CaninoDev 5 hours ago [-]
I always thought Wi-Fi meant wireless fidelity? (Or wireless fiction since in the end, everything is wired).
7 hours ago [-]
znkr 11 hours ago [-]
Moving running computers around and maintaining connection would have required large trucks and very long cables at the time the internet was invented.
rjsw 7 hours ago [-]
Mobile IPv6 is a thing. I could compile it into the kernel on my mobile machines, main reason to not do it is that I'm currently using a phone as a WiFi hotspot and it doesn't have Mobile IPv6 support.
holowoodman 3 hours ago [-]
Mobile IPv6 support is theoretically possible. Practically, like so many cool things you could do with your network, ISPs won't have it. The best you can do is hide it from your ISP by using some tunnel, but then you might as well just use a VPN.
PunchyHamster 11 hours ago [-]
the mobility in context of article means "changing IP within same TCP connection".

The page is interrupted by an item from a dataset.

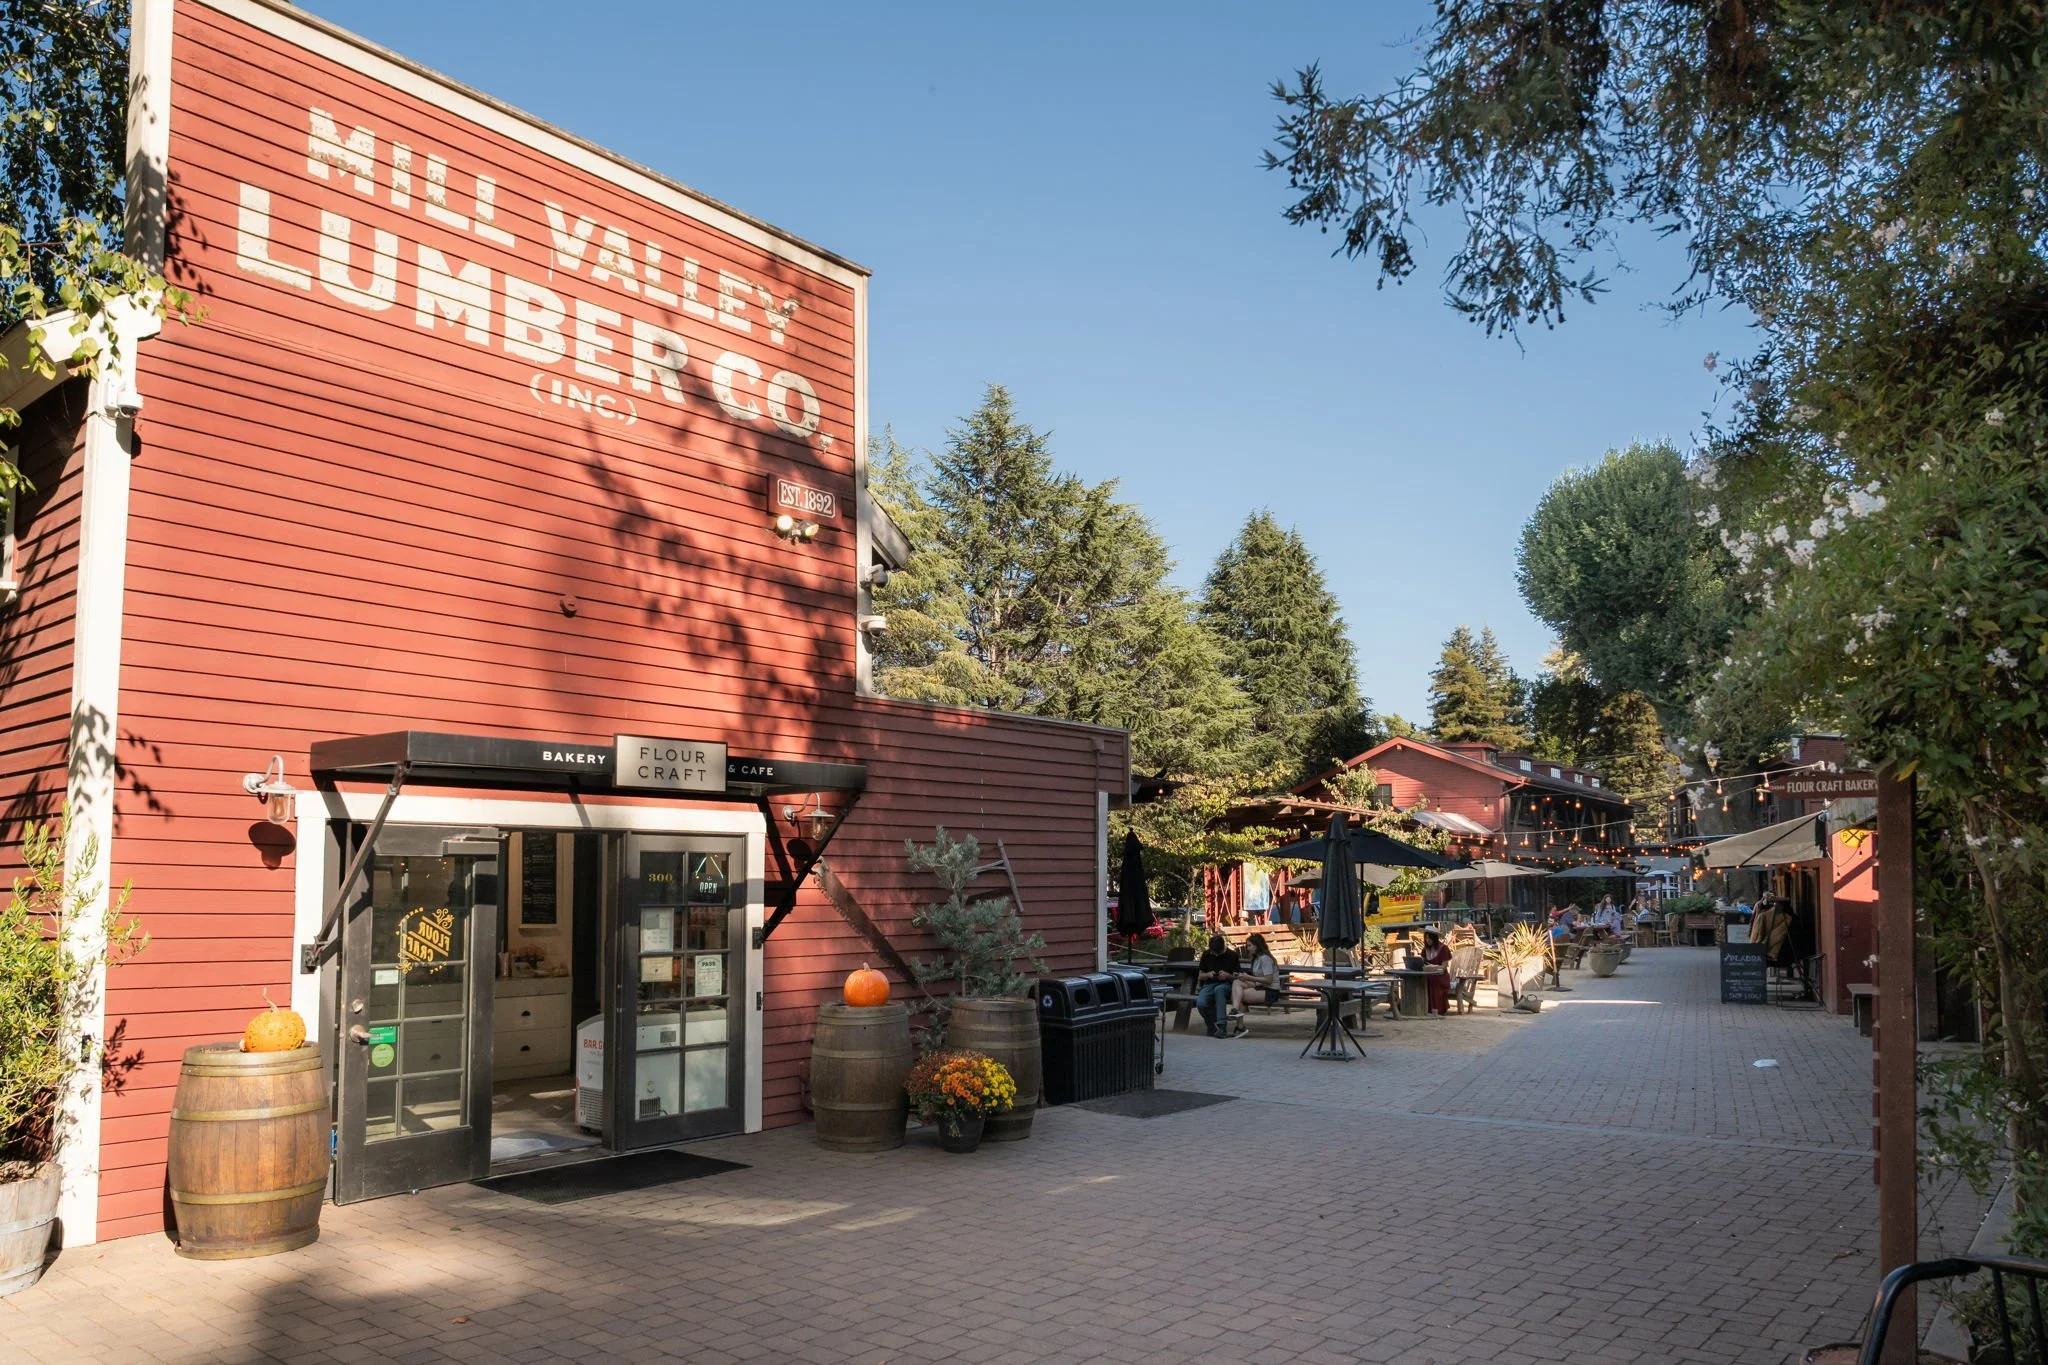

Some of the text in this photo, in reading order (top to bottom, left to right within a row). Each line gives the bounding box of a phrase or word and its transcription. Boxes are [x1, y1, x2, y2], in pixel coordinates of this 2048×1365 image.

IP + some dynamic routing handles the situation of "the connection site got nuked and we need to route around it", it's just not in the protocol, it's additional layer on top of it

themanualstates 9 hours ago [-]
But there's now multipath TCP handover? Weird behaviour to want different network interfaces on different network share the same IP, and pass it along like a volleyball?

Wi-Fi and ethernet also have different IPs. And what if you also add Wi-Fi peer-to-peer (Airdrop-ish), Wi-Fi Tunneled Direct Link Setup (literally Chromecast)?

If a vendor implemented simultaneous Dual Band (DBDC) Wi-Fi, that means it can connect to both 2.4ghz and 5ghz at the same time, each with their own mac & ip, because you're trying to connect to the same network on a different band. Or route packages from a 'wan' Wi-Fi to a 'lan' Wi-Fi (share internet on (BSS) infrastructure Wi-Fi A to a new (IBSS) ad-hoc Wi-Fi network B with your smartphone as the gateway on Android.

There's also 802.11 the IEEE 802.11 standard to add wireless access in vehicular environments (WAVE) and EV chargers or IP over the CCS protocol, etc. If all cars need to be 'connected' and 'have a unique address' NAT / CGNAT also isn't cutting it.

There's also IoT. Thread is ipv6 because it's the alternative to routing whatever between wan / lan / zigbee / Z-Wave / etc with a specific gateway at a remote point in the mesh network.

And how about the new DHCP / DNS specs for ipv6, you can now share encrypted DNS servers, DHCP client-ID, unique OUID, etc etc.

It's an infuriating post really. As if IP was only designed for a small scale VPN / overlay network service such as Tailscale.

Sesse__ 8 hours ago [-]
> But there's now multipath TCP handover? Weird behaviour to want different network interfaces on different network share the same IP, and pass it along like a volleyball?

Mobile IP actually wanted to do this, it just never took off (not the least because both endpoints need to understand it to get route optimization). I think some Windows versions actually had partial Mobile IPv6 support.